Brief: Where an image occurs, skip it and print the rest of the records verbatim.
*** Opening Input records ***
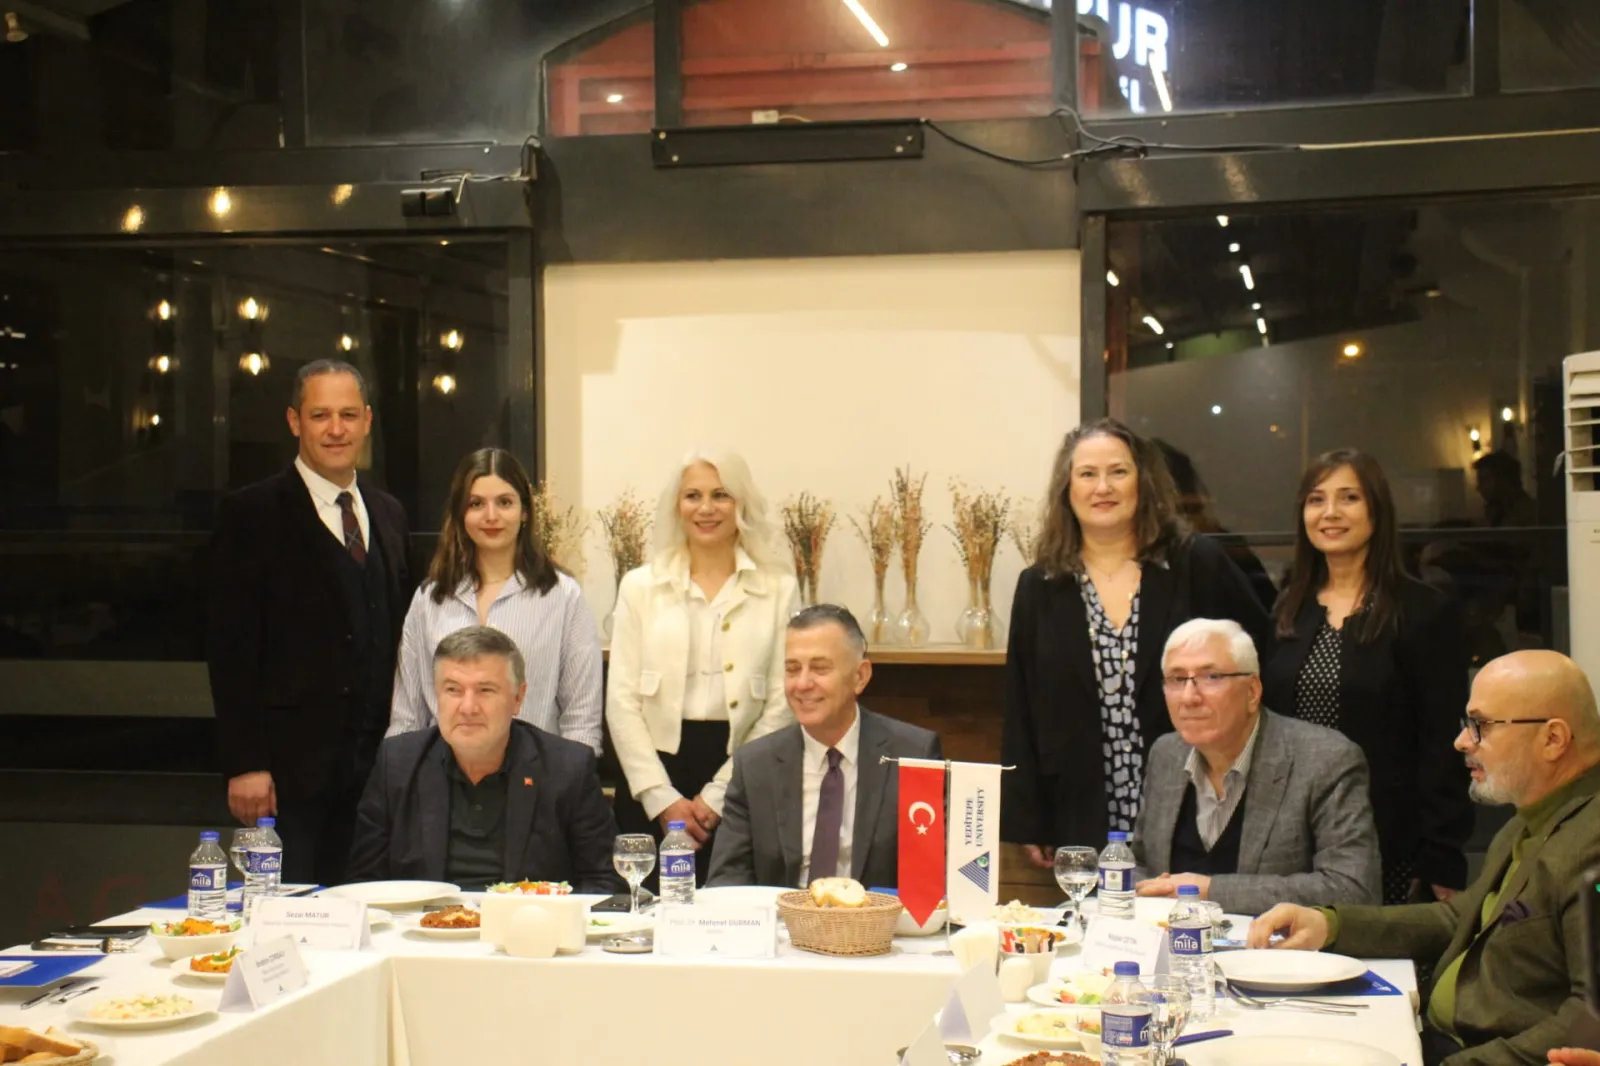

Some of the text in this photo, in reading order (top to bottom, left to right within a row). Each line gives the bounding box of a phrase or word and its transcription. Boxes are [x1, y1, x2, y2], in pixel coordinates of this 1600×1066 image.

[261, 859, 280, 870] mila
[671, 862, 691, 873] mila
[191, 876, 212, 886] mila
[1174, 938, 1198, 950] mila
*** Closing Input records ***
Answer section:
Some of the text in this photo, in reading order (top to bottom, left to right within a row). Each line gives the bounding box of a phrase or word and its transcription. Boxes are [x1, y1, x2, y2], in pixel coordinates of this 1600×1066 image.

[261, 859, 280, 870] mila
[671, 862, 691, 873] mila
[191, 876, 212, 886] mila
[1174, 938, 1198, 950] mila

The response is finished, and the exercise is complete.